Top of Available data

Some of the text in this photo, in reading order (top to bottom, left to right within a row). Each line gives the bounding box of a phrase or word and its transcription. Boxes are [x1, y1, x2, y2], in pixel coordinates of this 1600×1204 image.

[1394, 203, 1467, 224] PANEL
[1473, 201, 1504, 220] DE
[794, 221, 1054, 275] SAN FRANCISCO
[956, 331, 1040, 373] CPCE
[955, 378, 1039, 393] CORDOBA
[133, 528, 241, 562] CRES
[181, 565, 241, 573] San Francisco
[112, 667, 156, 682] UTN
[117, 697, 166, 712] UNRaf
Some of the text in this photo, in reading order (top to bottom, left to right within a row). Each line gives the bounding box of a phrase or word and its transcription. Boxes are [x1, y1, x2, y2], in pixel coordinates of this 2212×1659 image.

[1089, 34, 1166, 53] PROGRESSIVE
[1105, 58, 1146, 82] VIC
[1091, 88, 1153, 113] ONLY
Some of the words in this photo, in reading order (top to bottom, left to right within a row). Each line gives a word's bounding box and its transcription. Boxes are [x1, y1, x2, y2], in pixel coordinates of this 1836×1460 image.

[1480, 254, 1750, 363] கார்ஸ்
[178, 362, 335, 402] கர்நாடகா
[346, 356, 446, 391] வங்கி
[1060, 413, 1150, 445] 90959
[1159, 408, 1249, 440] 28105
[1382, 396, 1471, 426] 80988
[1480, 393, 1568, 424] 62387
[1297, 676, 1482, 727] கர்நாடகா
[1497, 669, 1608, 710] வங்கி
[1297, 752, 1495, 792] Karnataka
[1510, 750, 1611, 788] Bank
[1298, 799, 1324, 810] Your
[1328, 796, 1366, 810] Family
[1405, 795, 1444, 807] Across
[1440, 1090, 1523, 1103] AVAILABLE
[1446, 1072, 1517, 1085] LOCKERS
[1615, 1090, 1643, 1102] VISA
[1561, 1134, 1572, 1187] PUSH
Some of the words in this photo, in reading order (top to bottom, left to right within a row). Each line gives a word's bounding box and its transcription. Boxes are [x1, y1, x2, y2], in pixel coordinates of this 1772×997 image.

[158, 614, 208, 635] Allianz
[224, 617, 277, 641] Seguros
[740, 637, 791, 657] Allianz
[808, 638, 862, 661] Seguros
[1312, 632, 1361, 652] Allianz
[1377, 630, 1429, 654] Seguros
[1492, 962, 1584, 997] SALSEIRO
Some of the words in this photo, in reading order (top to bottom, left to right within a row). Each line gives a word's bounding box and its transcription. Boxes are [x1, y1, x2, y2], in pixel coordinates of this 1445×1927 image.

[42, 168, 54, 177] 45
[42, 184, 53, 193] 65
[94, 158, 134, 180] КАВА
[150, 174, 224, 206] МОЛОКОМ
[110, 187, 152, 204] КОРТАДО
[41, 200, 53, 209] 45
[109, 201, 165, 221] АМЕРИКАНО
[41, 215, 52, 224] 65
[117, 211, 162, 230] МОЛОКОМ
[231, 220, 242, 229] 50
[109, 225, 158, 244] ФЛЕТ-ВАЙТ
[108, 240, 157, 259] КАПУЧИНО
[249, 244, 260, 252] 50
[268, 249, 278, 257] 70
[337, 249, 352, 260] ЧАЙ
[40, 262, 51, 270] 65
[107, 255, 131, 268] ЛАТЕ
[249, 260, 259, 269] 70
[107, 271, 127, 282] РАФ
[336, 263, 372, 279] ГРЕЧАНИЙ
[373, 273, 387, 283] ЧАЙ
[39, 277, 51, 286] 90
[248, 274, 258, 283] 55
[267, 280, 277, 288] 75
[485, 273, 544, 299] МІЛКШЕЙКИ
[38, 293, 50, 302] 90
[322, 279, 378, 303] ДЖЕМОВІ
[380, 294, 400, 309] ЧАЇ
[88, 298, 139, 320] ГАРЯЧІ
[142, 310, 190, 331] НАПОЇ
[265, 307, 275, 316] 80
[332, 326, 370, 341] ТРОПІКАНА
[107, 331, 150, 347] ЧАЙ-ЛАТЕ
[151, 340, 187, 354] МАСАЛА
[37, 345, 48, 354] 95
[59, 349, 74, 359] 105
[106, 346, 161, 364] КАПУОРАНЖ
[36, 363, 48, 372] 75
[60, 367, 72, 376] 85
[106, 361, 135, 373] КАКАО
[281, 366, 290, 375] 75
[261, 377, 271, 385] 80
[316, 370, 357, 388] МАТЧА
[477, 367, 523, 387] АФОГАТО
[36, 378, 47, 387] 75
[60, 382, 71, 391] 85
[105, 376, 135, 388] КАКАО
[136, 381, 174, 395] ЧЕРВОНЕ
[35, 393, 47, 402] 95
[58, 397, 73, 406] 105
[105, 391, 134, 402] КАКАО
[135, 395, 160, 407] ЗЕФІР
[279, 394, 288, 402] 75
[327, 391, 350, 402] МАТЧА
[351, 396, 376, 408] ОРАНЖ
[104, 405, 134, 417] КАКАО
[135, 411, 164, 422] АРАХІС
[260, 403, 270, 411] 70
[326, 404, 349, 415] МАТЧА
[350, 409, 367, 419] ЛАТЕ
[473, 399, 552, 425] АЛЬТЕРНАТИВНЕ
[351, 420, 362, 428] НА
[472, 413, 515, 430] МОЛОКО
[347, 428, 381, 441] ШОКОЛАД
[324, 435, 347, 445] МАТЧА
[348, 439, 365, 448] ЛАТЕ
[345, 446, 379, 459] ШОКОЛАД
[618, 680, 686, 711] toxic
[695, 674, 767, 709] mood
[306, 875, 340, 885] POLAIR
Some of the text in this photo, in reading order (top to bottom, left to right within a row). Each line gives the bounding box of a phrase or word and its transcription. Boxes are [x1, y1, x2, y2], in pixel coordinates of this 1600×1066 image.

Bottom of Available data

* **Task details**
The required output is all of the material, word for word.

* **Solution to the problem**
Some of the text in this photo, in reading order (top to bottom, left to right within a row). Each line gives the bounding box of a phrase or word and its transcription. Boxes are [x1, y1, x2, y2], in pixel coordinates of this 1600×1204 image.

[1394, 203, 1467, 224] PANEL
[1473, 201, 1504, 220] DE
[794, 221, 1054, 275] SAN FRANCISCO
[956, 331, 1040, 373] CPCE
[955, 378, 1039, 393] CORDOBA
[133, 528, 241, 562] CRES
[181, 565, 241, 573] San Francisco
[112, 667, 156, 682] UTN
[117, 697, 166, 712] UNRaf
Some of the text in this photo, in reading order (top to bottom, left to right within a row). Each line gives the bounding box of a phrase or word and its transcription. Boxes are [x1, y1, x2, y2], in pixel coordinates of this 2212×1659 image.

[1089, 34, 1166, 53] PROGRESSIVE
[1105, 58, 1146, 82] VIC
[1091, 88, 1153, 113] ONLY
Some of the words in this photo, in reading order (top to bottom, left to right within a row). Each line gives a word's bounding box and its transcription. Boxes are [x1, y1, x2, y2], in pixel coordinates of this 1836×1460 image.

[1480, 254, 1750, 363] கார்ஸ்
[178, 362, 335, 402] கர்நாடகா
[346, 356, 446, 391] வங்கி
[1060, 413, 1150, 445] 90959
[1159, 408, 1249, 440] 28105
[1382, 396, 1471, 426] 80988
[1480, 393, 1568, 424] 62387
[1297, 676, 1482, 727] கர்நாடகா
[1497, 669, 1608, 710] வங்கி
[1297, 752, 1495, 792] Karnataka
[1510, 750, 1611, 788] Bank
[1298, 799, 1324, 810] Your
[1328, 796, 1366, 810] Family
[1405, 795, 1444, 807] Across
[1440, 1090, 1523, 1103] AVAILABLE
[1446, 1072, 1517, 1085] LOCKERS
[1615, 1090, 1643, 1102] VISA
[1561, 1134, 1572, 1187] PUSH
Some of the words in this photo, in reading order (top to bottom, left to right within a row). Each line gives a word's bounding box and its transcription. Boxes are [x1, y1, x2, y2], in pixel coordinates of this 1772×997 image.

[158, 614, 208, 635] Allianz
[224, 617, 277, 641] Seguros
[740, 637, 791, 657] Allianz
[808, 638, 862, 661] Seguros
[1312, 632, 1361, 652] Allianz
[1377, 630, 1429, 654] Seguros
[1492, 962, 1584, 997] SALSEIRO
Some of the words in this photo, in reading order (top to bottom, left to right within a row). Each line gives a word's bounding box and its transcription. Boxes are [x1, y1, x2, y2], in pixel coordinates of this 1445×1927 image.

[42, 168, 54, 177] 45
[42, 184, 53, 193] 65
[94, 158, 134, 180] КАВА
[150, 174, 224, 206] МОЛОКОМ
[110, 187, 152, 204] КОРТАДО
[41, 200, 53, 209] 45
[109, 201, 165, 221] АМЕРИКАНО
[41, 215, 52, 224] 65
[117, 211, 162, 230] МОЛОКОМ
[231, 220, 242, 229] 50
[109, 225, 158, 244] ФЛЕТ-ВАЙТ
[108, 240, 157, 259] КАПУЧИНО
[249, 244, 260, 252] 50
[268, 249, 278, 257] 70
[337, 249, 352, 260] ЧАЙ
[40, 262, 51, 270] 65
[107, 255, 131, 268] ЛАТЕ
[249, 260, 259, 269] 70
[107, 271, 127, 282] РАФ
[336, 263, 372, 279] ГРЕЧАНИЙ
[373, 273, 387, 283] ЧАЙ
[39, 277, 51, 286] 90
[248, 274, 258, 283] 55
[267, 280, 277, 288] 75
[485, 273, 544, 299] МІЛКШЕЙКИ
[38, 293, 50, 302] 90
[322, 279, 378, 303] ДЖЕМОВІ
[380, 294, 400, 309] ЧАЇ
[88, 298, 139, 320] ГАРЯЧІ
[142, 310, 190, 331] НАПОЇ
[265, 307, 275, 316] 80
[332, 326, 370, 341] ТРОПІКАНА
[107, 331, 150, 347] ЧАЙ-ЛАТЕ
[151, 340, 187, 354] МАСАЛА
[37, 345, 48, 354] 95
[59, 349, 74, 359] 105
[106, 346, 161, 364] КАПУОРАНЖ
[36, 363, 48, 372] 75
[60, 367, 72, 376] 85
[106, 361, 135, 373] КАКАО
[281, 366, 290, 375] 75
[261, 377, 271, 385] 80
[316, 370, 357, 388] МАТЧА
[477, 367, 523, 387] АФОГАТО
[36, 378, 47, 387] 75
[60, 382, 71, 391] 85
[105, 376, 135, 388] КАКАО
[136, 381, 174, 395] ЧЕРВОНЕ
[35, 393, 47, 402] 95
[58, 397, 73, 406] 105
[105, 391, 134, 402] КАКАО
[135, 395, 160, 407] ЗЕФІР
[279, 394, 288, 402] 75
[327, 391, 350, 402] МАТЧА
[351, 396, 376, 408] ОРАНЖ
[104, 405, 134, 417] КАКАО
[135, 411, 164, 422] АРАХІС
[260, 403, 270, 411] 70
[326, 404, 349, 415] МАТЧА
[350, 409, 367, 419] ЛАТЕ
[473, 399, 552, 425] АЛЬТЕРНАТИВНЕ
[351, 420, 362, 428] НА
[472, 413, 515, 430] МОЛОКО
[347, 428, 381, 441] ШОКОЛАД
[324, 435, 347, 445] МАТЧА
[348, 439, 365, 448] ЛАТЕ
[345, 446, 379, 459] ШОКОЛАД
[618, 680, 686, 711] toxic
[695, 674, 767, 709] mood
[306, 875, 340, 885] POLAIR
Some of the text in this photo, in reading order (top to bottom, left to right within a row). Each line gives the bounding box of a phrase or word and its transcription. Boxes are [x1, y1, x2, y2], in pixel coordinates of this 1600×1066 image.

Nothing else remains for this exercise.